Ordinarily I'm opposed to stadium projects because the alleged economic benefits created are simply the result of shifting spending from one part of a city to another. In this case, however, it's tourism dollars, meaning people from out of town are spending money in the City of Dallas itself. That means extra sales tax revenue. That also means more hotel tax revenue.
That tourism money from the annual OU-Texas game and the Cotton Bowl will be lost to Norman, Austin, and Arlington if the City isn't careful. A little investment could go a long way here.
Not only that, Oklahoma City has a nice downtown. So does Austin. A lot of people from those areas go to the game, see Fair Park and the Cotton Bowl, and don't come away with a very good impression of Dallas proper.

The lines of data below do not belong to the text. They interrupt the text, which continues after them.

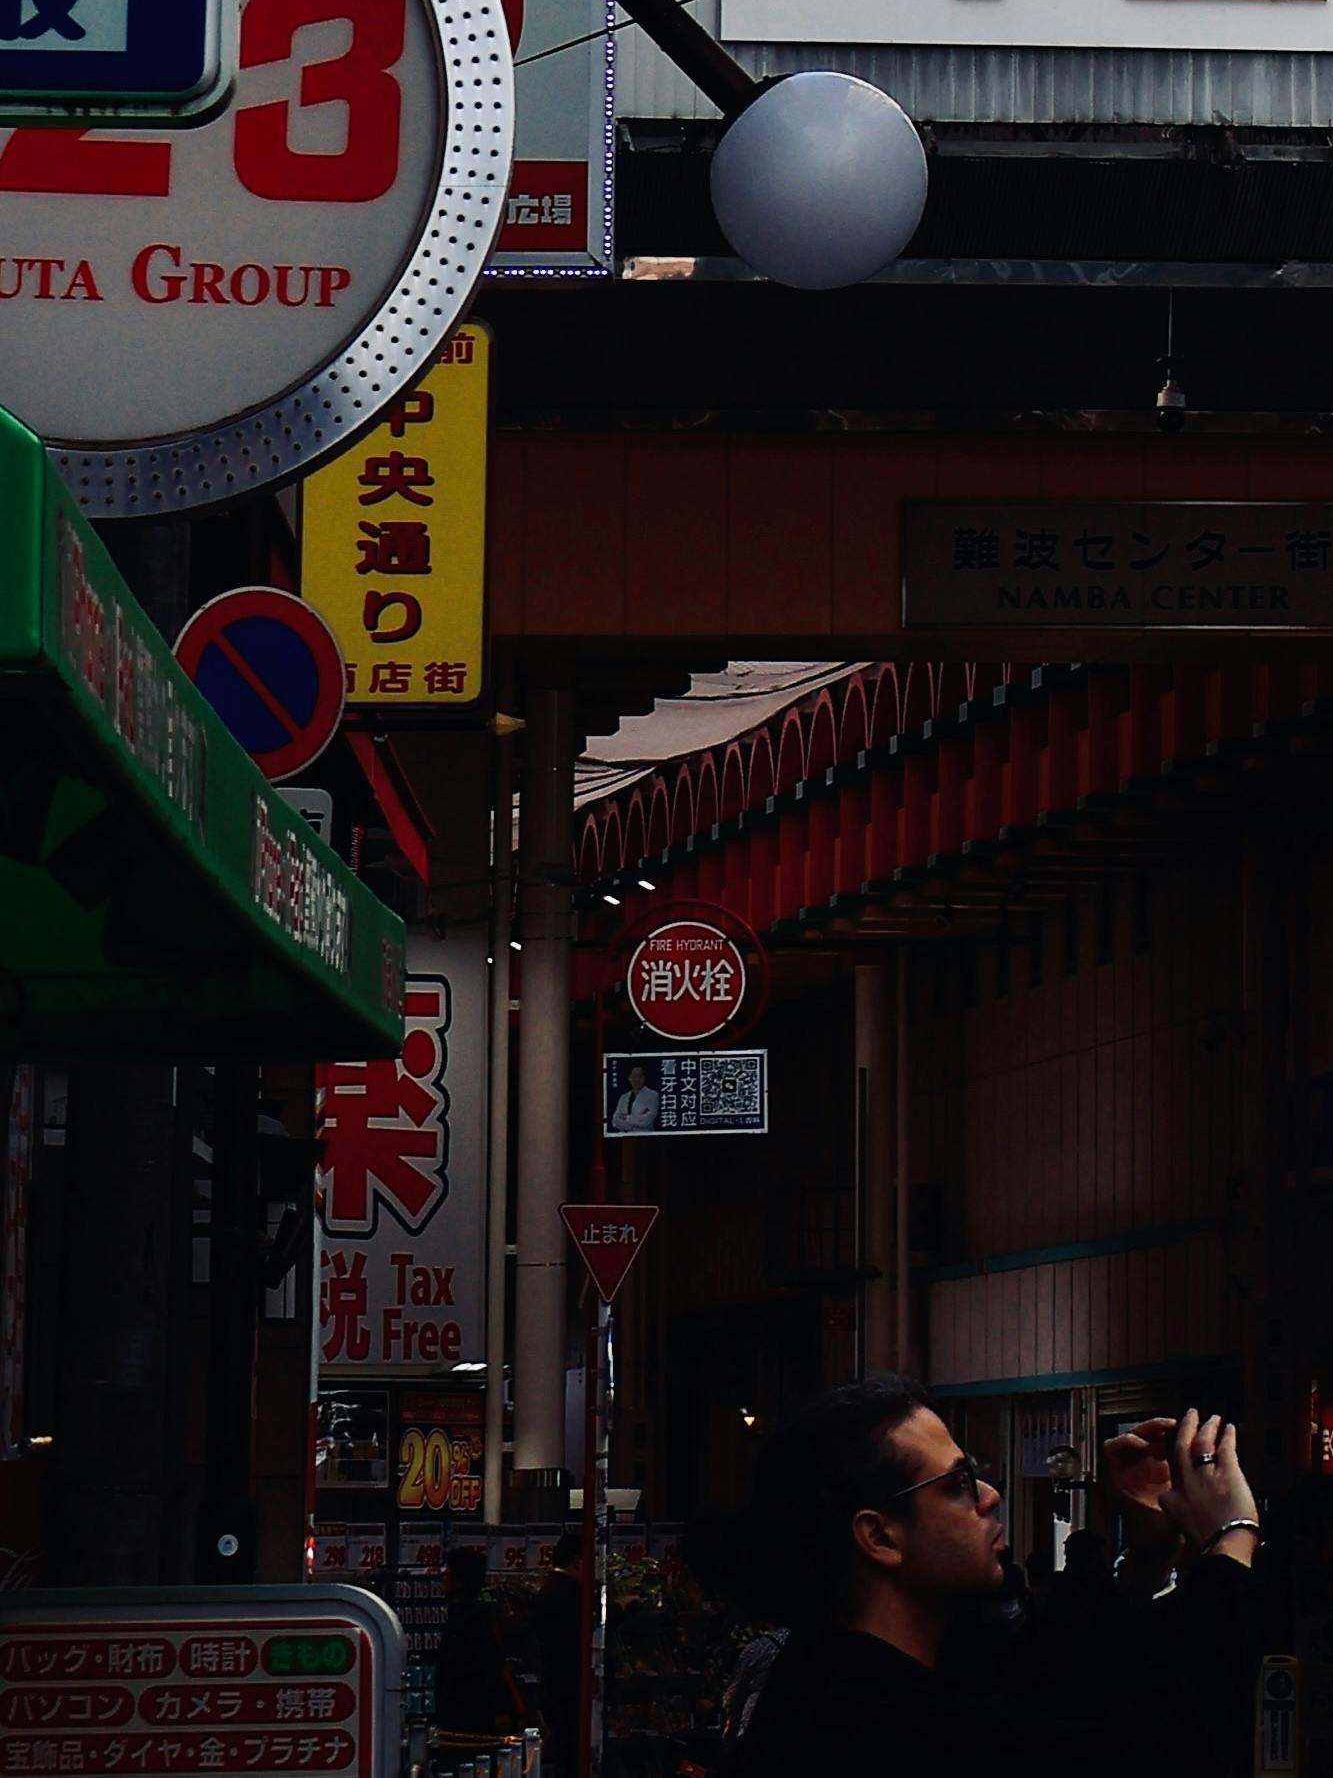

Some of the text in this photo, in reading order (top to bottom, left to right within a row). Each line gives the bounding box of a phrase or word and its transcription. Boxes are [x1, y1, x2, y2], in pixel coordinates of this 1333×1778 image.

[131, 243, 351, 308] GROUP
[355, 387, 434, 643] 中央通り
[952, 528, 1333, 571] 難波センター街
[998, 585, 1290, 609] NAMBA CENTER
[649, 938, 725, 952] FIRE HYDRANT
[641, 958, 735, 1002] 消火栓
[660, 1059, 678, 1128] 看牙扫我
[680, 1058, 698, 1127] 中文对应
[581, 1224, 639, 1247] 止まれ
[390, 1254, 455, 1307] Tax
[382, 1308, 462, 1360] Free
[448, 1475, 482, 1511] OFF
[190, 1642, 252, 1673] 時計
[6, 1693, 125, 1723] パソコン
[155, 1687, 337, 1721] カメラ・携帯
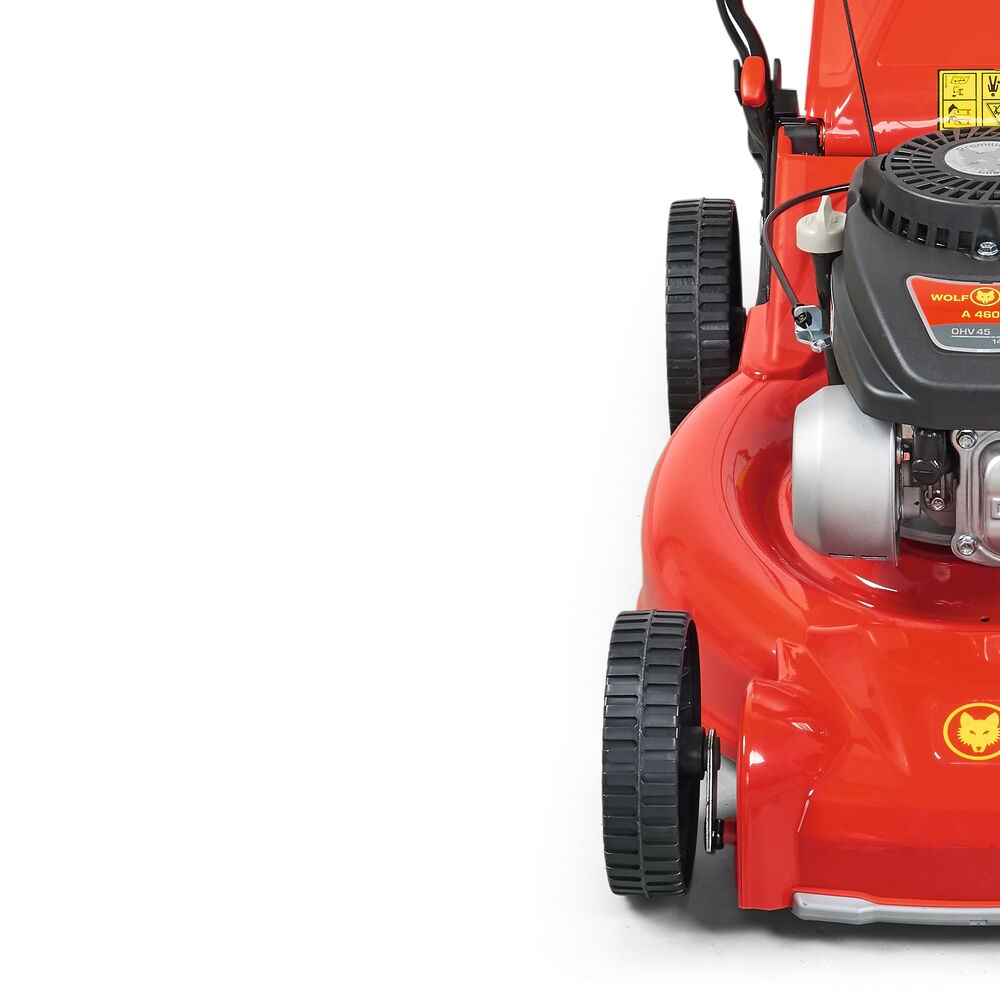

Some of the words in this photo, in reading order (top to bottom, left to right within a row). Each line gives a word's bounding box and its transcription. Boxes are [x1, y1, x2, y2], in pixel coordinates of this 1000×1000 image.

Combine that with the fact that it's really to both school's advantage to have that extra home game every other year. Why spend money to go to Dallas to an ugly stadium in a bad neighborhood where the toilets are overflowing and the locker rooms are bad, and where each only gets half the gate and no additional TV money other than what they get from the Big 12 TV deal, when you can have that big OU-Texas game at home every other year and collect home team gate?
And the Cotton Bowl game? At some point the BCS is going to add a 5th New Year's Day game. The Cotton Bowl would be only one with the corporate sponsorship to offer a BCS-type payout. Also, it's the the only New Year's Day game not in the currently in the BCS that has hosted a #1 vs. #2 game in it's history, and it's one of the oldest New Year's Day games. However, no one's going to want to play college football's ultimate game in the dump that currently houses the Cotton Bowl game.
The Fiesta Bowl's getting new digs with all the luxury boxes, and so is the Sugar Bowl because they have to tear down the Superdome. The current Cotton Bowl stadium won't be interesting to the BCS people, but the new stadium in Arlington just might be enough to propel the Cotton Bowl game back to major bowl statius.
Bottom line: Dallas needs the tourism dollars for this game, the Cotton Bowl game, and the State Fair, and they better plunk down the money to build a new stadium, fix up the fairgrounds, and improve the neighborhood . Otherwise, one of the greatest neutral site games in college history is going to be lost, and the Cotton Bowl and State Fair might not be far behind.